Hypoxia Bi-directionally Regulates Gut Vascular Barrier through HIF-1α-dependent Mechanismin vitro

Abstract

Abstract Objective The gut vascular barrier (GVB) is the key checkpoint for pathogens to enter the blood circulation through the intestine, which is crucial for maintaining the intestinal barrier function. However, the effect and molecular mechanism of hypoxia on GVB remains unclear. Here, we show a role of the transcription factor hypoxia inducible factor-1α (HIF-1α) in hypoxia-induced bi-directional regulation of GVB. Approach and Results An in vitro GVB model composed of rat intestinal microvascular endothelial cells was studied. Evans blue-albumin efflux assay showed that the experimentally severe hypoxia induced by cobalt chloride (500 μM, 24 h) markedly disrupted the GVB in vitro , while mild hypoxia induced by cobalt chloride (500 μM, 6 h) evidently enhanced the GVB, revealing hypoxia-induced bi-directional regulation of the GVB for the first-time.
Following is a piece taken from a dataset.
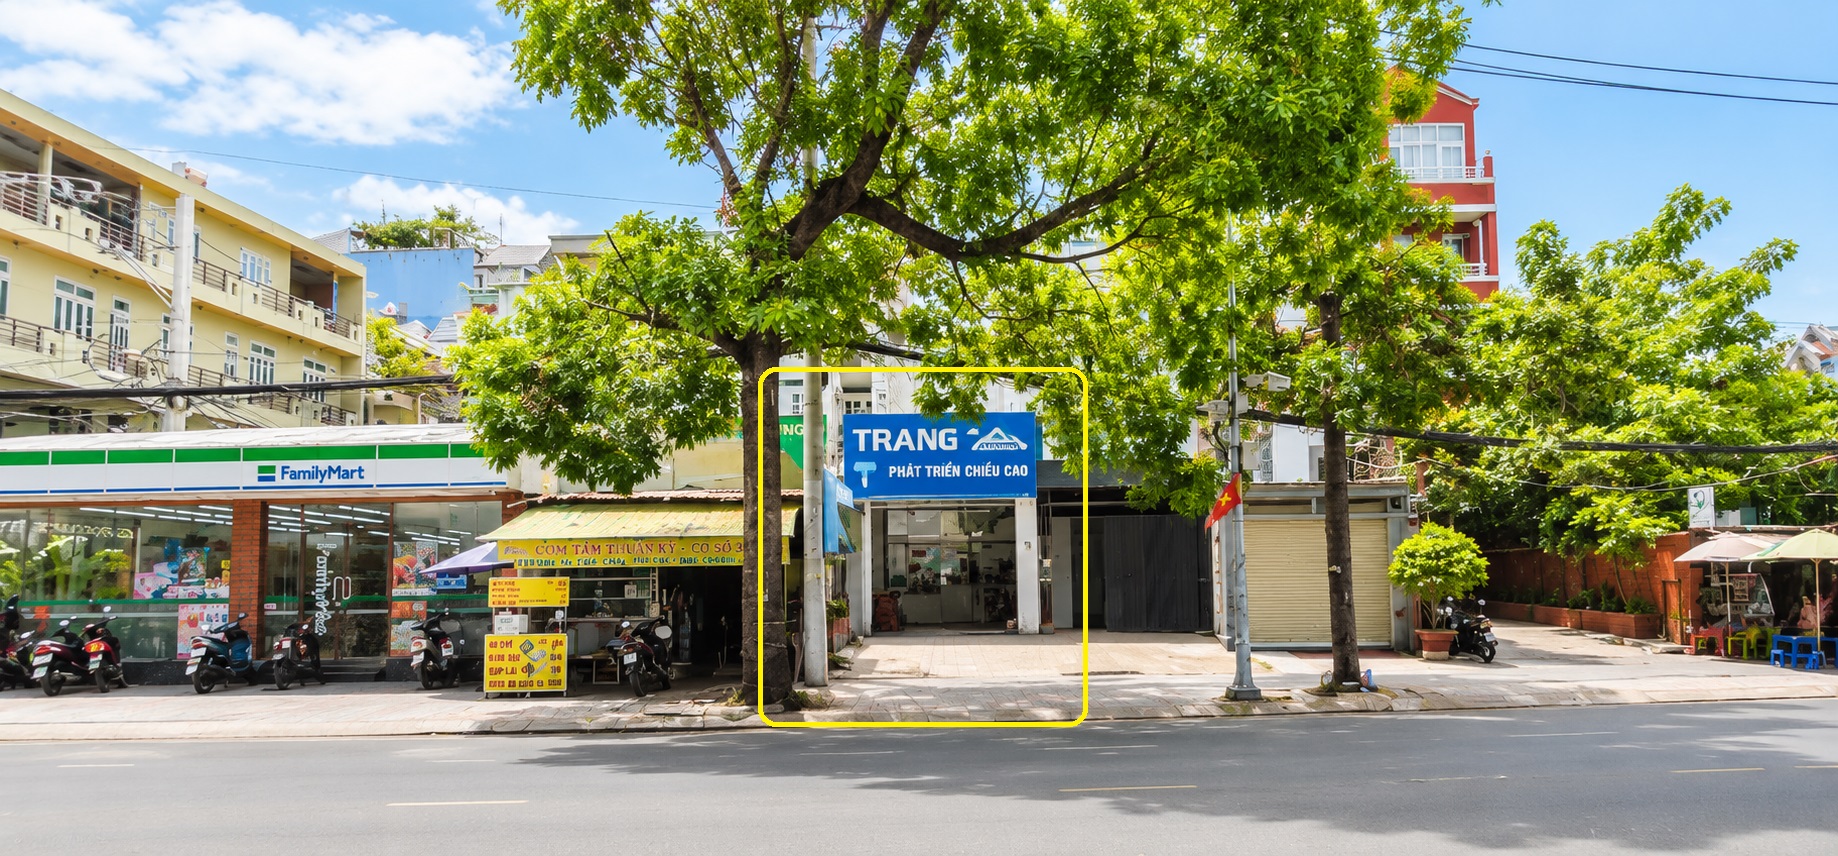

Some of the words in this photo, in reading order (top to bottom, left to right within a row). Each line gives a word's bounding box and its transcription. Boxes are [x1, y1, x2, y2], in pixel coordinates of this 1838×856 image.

Importantly, knockdown of HIF-1α largely abolished the bi-directional changes of GVB caused by hypoxia. Furthermore, experimentally severe hypoxia exacerbated the inflammatory GVB disruption induced by LPS or TNF-α, while the mild hypoxia promoted the repair. Conclusion Collectively, our data indicate that hypoxia bi-directionally regulates GVB in a HIF-1α-dependent manner.